[Exercise details]:
Would you repeat, exactly as given, the line with "this 1600×1200 image." and every line after it to the end of the entries?
━━ Entries provided
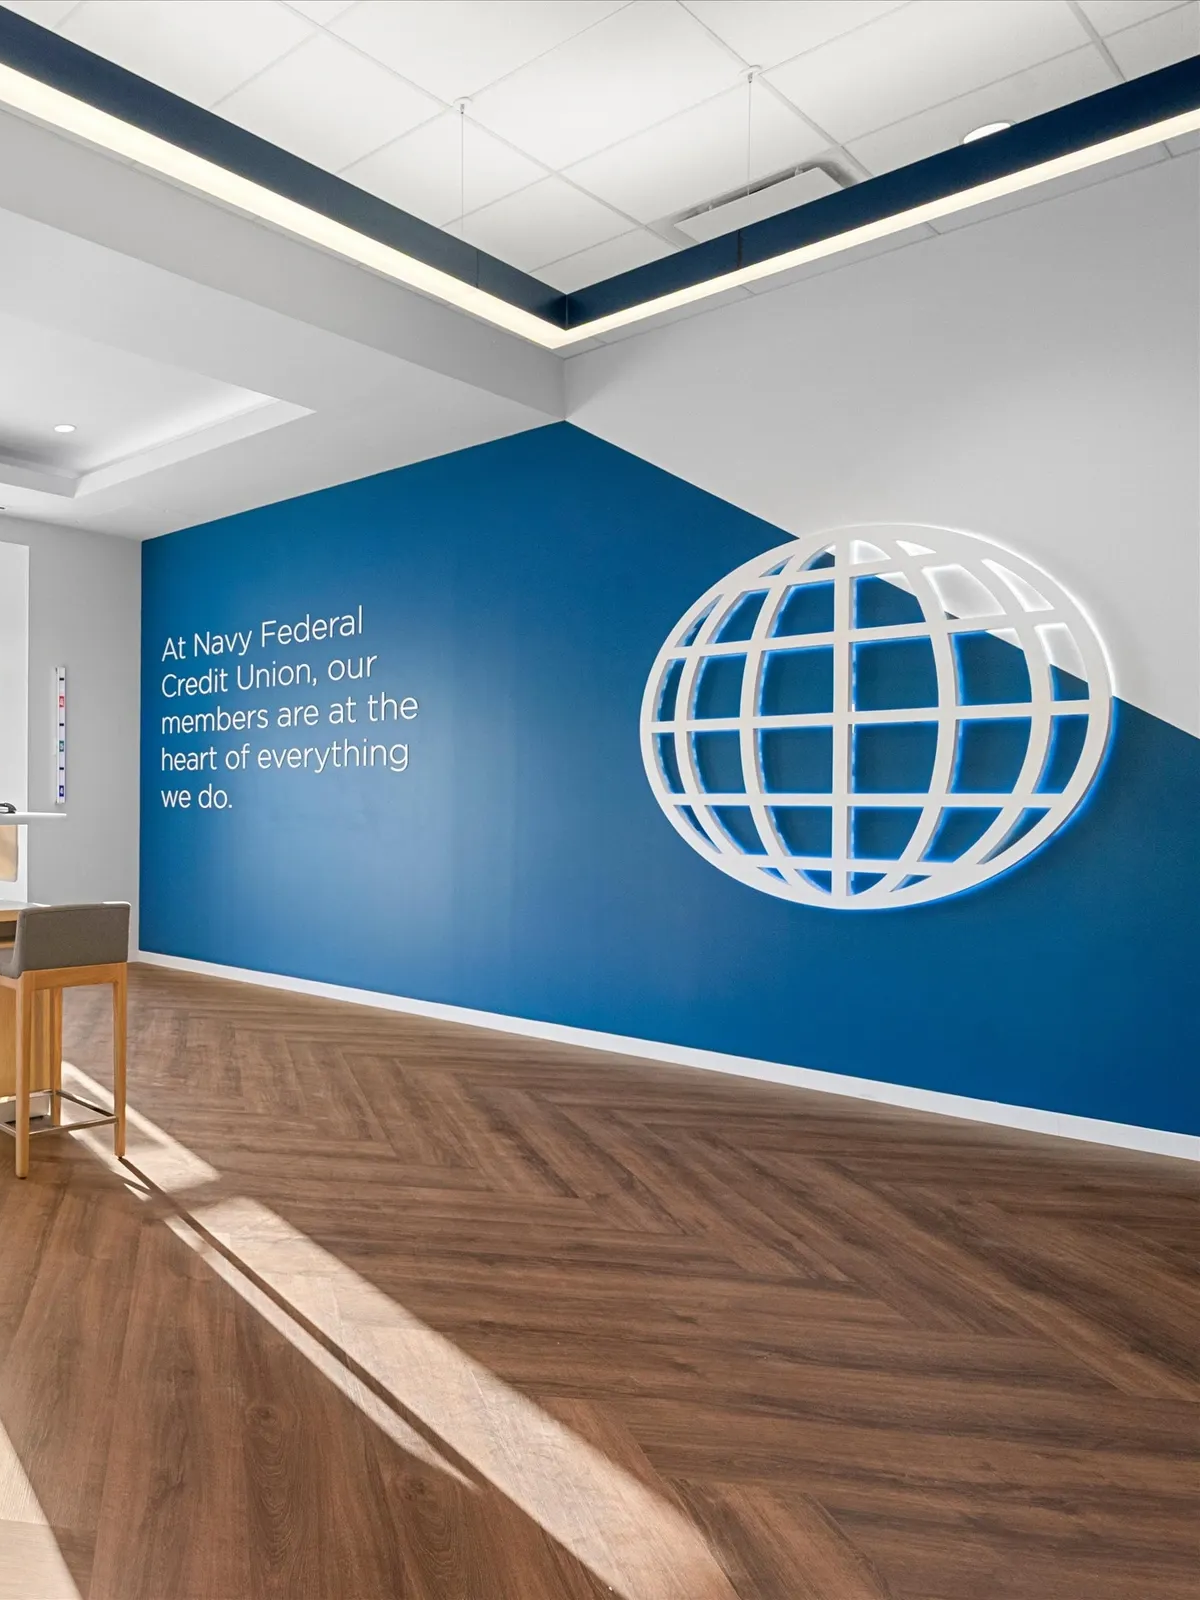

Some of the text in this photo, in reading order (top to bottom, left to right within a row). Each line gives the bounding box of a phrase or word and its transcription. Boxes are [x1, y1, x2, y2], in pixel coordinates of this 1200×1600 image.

[161, 604, 363, 662] At Navy Federal
[161, 655, 378, 698] Credit Union, our
[161, 691, 419, 735] members are at the
[161, 738, 410, 774] heart of everything
[160, 782, 233, 809] we do.
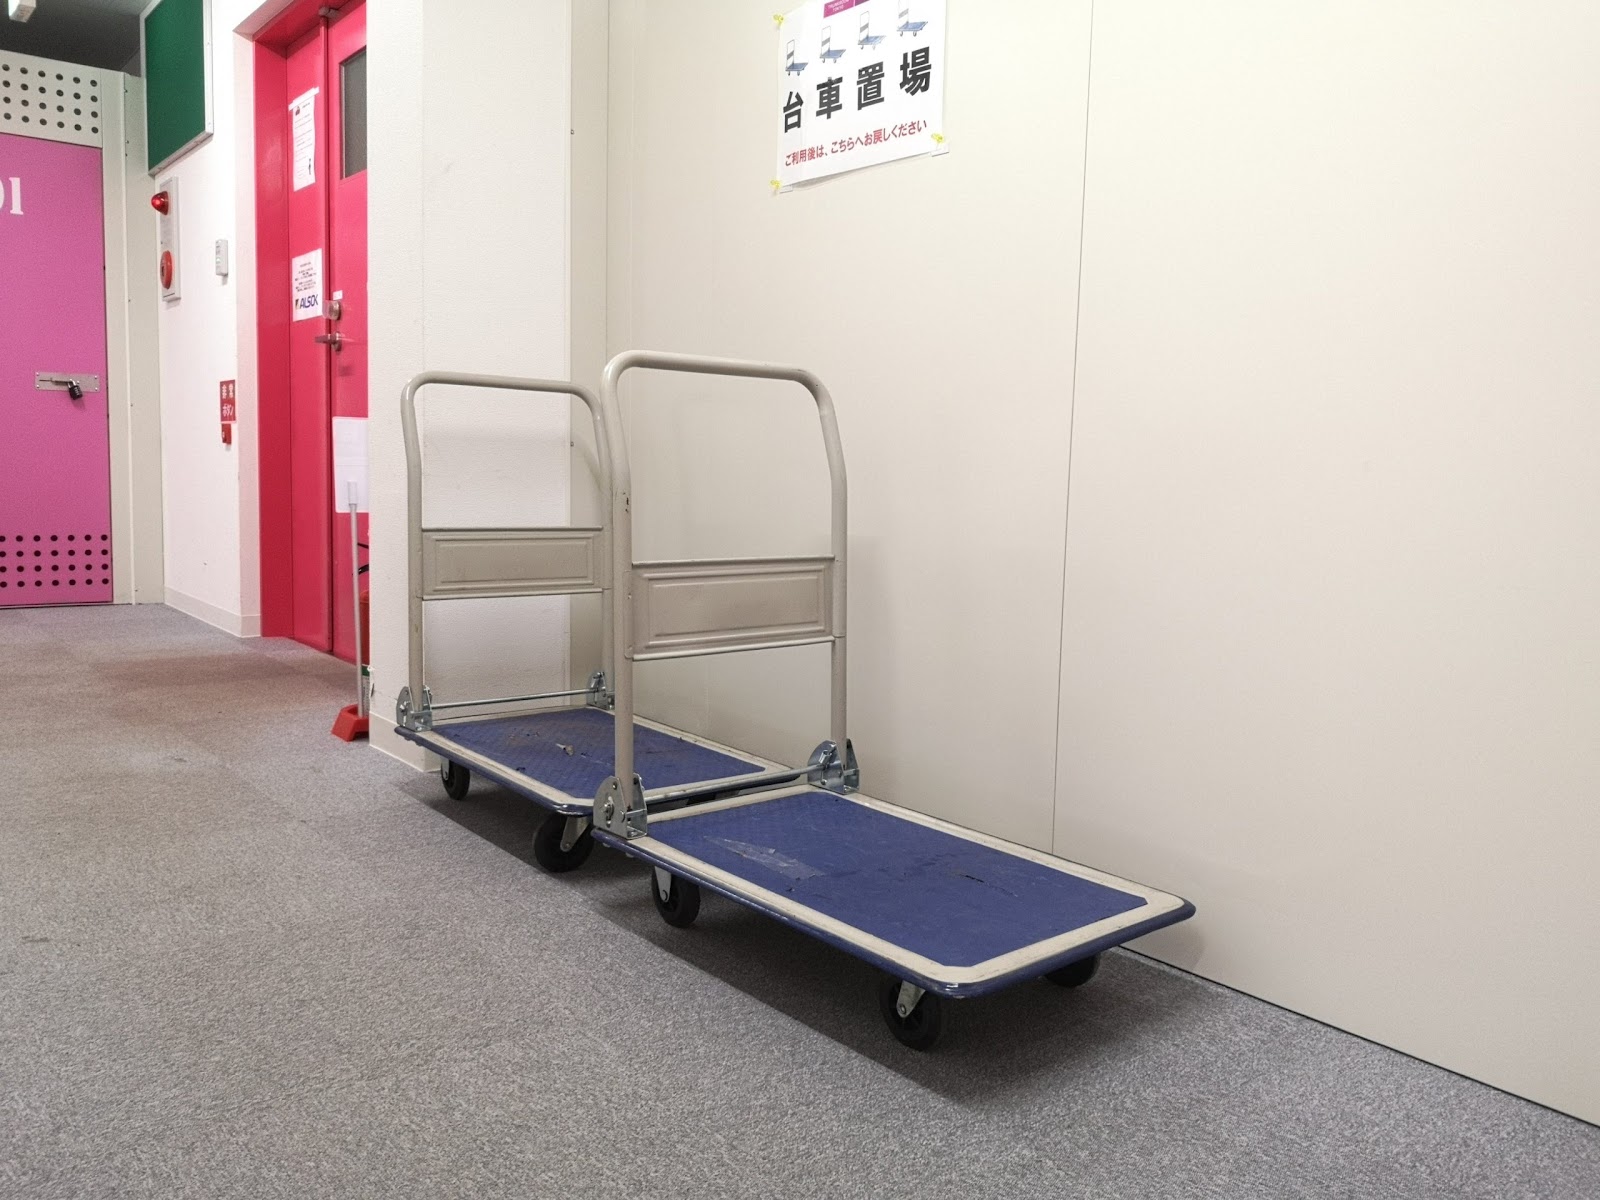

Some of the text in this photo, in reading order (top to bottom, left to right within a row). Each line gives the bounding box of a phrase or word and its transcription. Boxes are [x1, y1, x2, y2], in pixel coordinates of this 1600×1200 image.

[783, 46, 932, 133] 台車置場
[785, 120, 928, 167] ご利用後は、こちらへお戻しください
[0, 176, 24, 215] 1
━━━━
[Answer section]:
Some of the text in this photo, in reading order (top to bottom, left to right within a row). Each line gives the bounding box of a phrase or word and its transcription. Boxes are [x1, y1, x2, y2], in pixel coordinates of this 1600×1200 image.

[783, 46, 932, 133] 台車置場
[785, 120, 928, 167] ご利用後は、こちらへお戻しください
[0, 176, 24, 215] 1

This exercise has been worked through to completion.